Iraqi general helped cheat US government, contractors involved in scheme say
By RACHEL WEINER | The Washington Post | Published: November 28, 2017
Two former DynCorp workers testified in Alexandria, Virginia federal court this week that they were paid hundreds of thousands of dollars by Fadhil Jamil al-Barwari, commander of the First Brigade of The Iraqi Special Operations Forces, to arrange an overpriced lease of land the general owned near the Baghdad airport starting in 2011.
Payments came through Emil Popescu, a Romanian contractor who had been hired by Barwari, the workers said. The details were revealed in the trial for Popescu, who is charged with conspiracy to violate the Anti-Kickback Act.
The onetime DynCorp workers, Wesley Struble and Jose Rivera, have pleaded guilty to their role in the conspiracy.
The scheme came together, Struble testified Monday, as the United States began drawing down its military presence in Iraq. Contractors were scrambling to find work while companies searched for new land to lease as U.S. bases closed.
It was Bawari who identified DynCorp as a possible tenant when another contractor, EOD Technology, was moving off his property, Struble testified. Struble had been working for EODT, which was paying $124,000 a month for the general's land under a Defense Department contract. Struble admitted in court earlier this year that he left EODT for DynCorp and, along with co-worker Jose Rivera, helped convince the company to pay over $665,000 for the same property.

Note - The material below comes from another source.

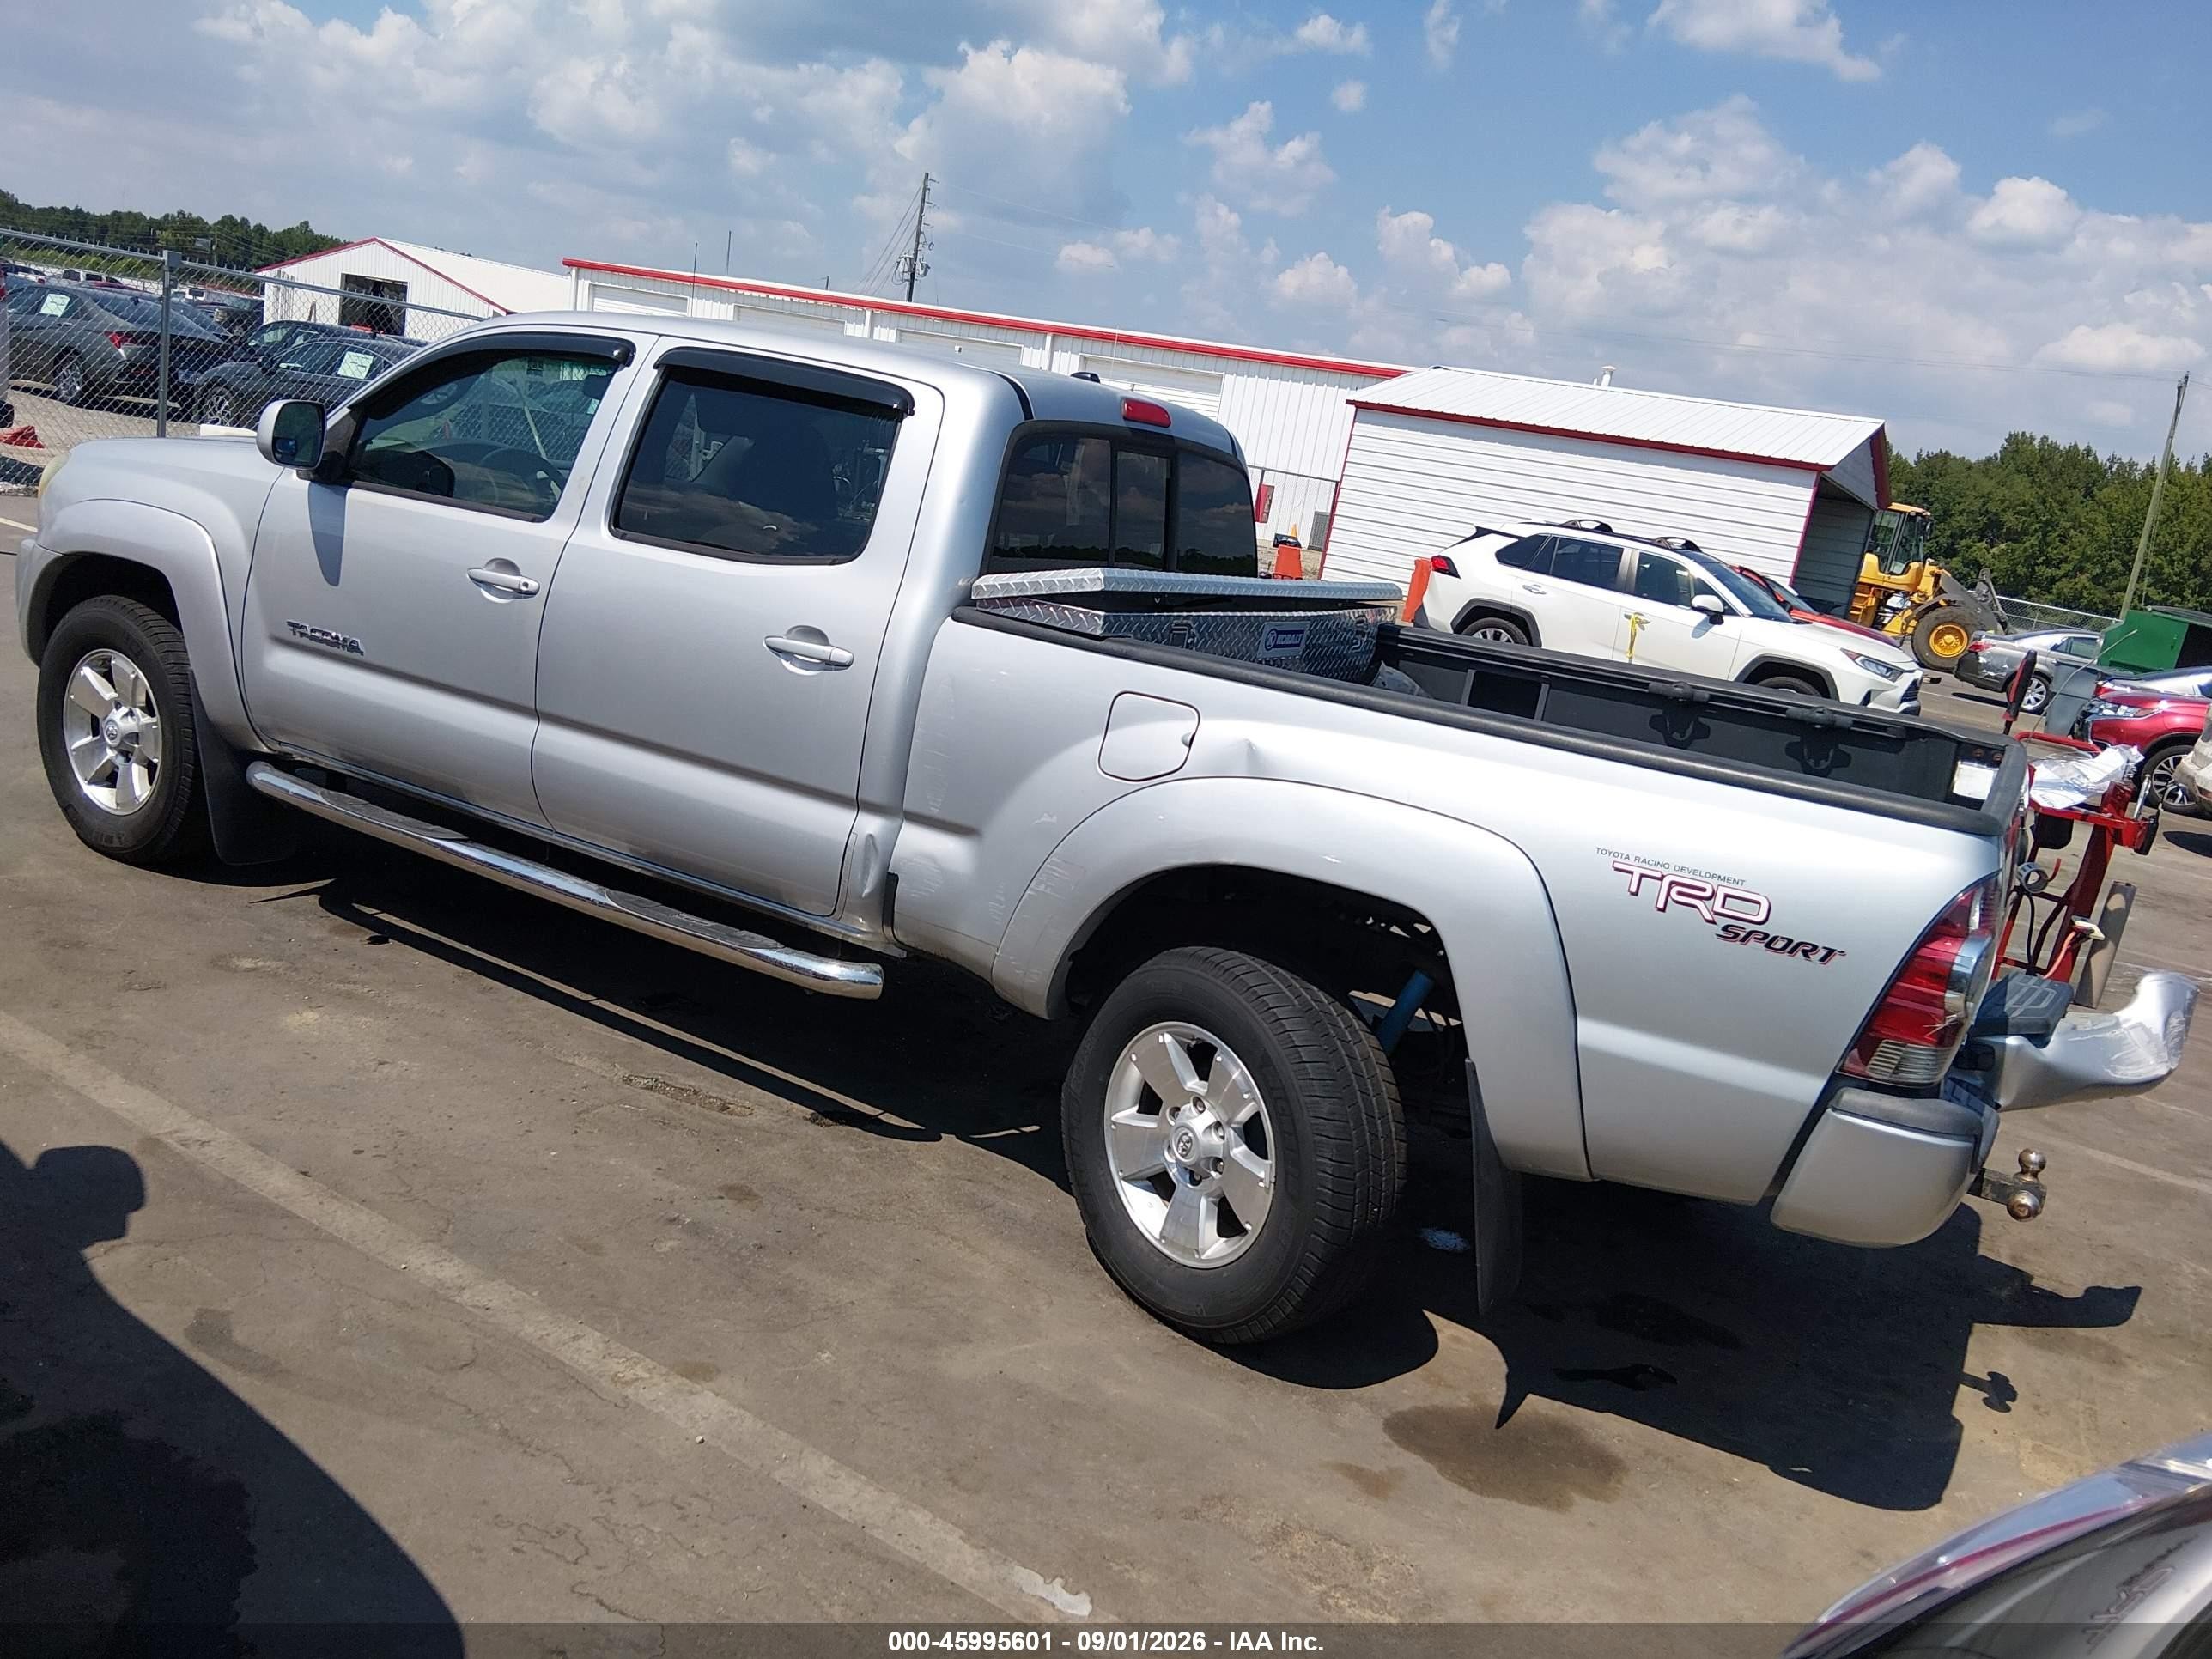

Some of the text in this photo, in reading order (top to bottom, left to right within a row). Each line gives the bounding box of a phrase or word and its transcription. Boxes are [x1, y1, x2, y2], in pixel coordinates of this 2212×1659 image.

[1595, 847, 1746, 887] TOYOTA RACING DEVELOPMENT
[1612, 860, 1771, 925] TRD
[1716, 923, 1847, 965] SPORT

"I would help him with whatever I could to make it happen," Struble testified about Bawari, and "he would take care of me."
In court Monday, however, Struble defended the expensive DynCorp lease, saying it involved more space and required more security than the EODT contract.
The State Department ultimately paid the bill, which came to $5.3 million in rent from September 2011 through April 2014.
Popescu's role was to be the "face" of Barwari's company, Struble said. He had lost his own job at EODT as the contractor's presence in Iraq shrunk. A friend of Rivera and Struble, Popescu was chosen as "someone reliable" to deal with DynCorp and handle the kickback payments, prosecutor Brian Harrison told jurors in his opening statement Monday. Barwari's two nephews had wanted to be in charge of the project but they were "very immature, unreliable, irresponsible," Struble testified.
For six or seven months of work at Barwari's company, Popescu was paid $400,000, Harrison said in court.
Popescu's attorney Dontae Bugg said in his opening statement that Popescu was not aware of the details of the conspiracy and backed out early on. While Popescu admits being the "money man" for Barwari in 2011, Bugg said the five-year statute of limitations for that crime has passed.
"Popescu was uncomfortable with this scenario. He said, 'I'm not going to be involved with this anymore, '" Bugg told the jury. "He effectively withdrew from that conspiracy."
The money Popescu was later paid by Bawari was a legitimate salary for building a camp on the general's property, Bugg contended.
But Rivera and Struble testified that while only their first payments came directly from Popescu's hands, he was involved in the conspiracy throughout and never expressed reservations. In fact, Rivera testified that the two came to believe that Popescu was working with Barwari's nephews to cut them out of the scheme.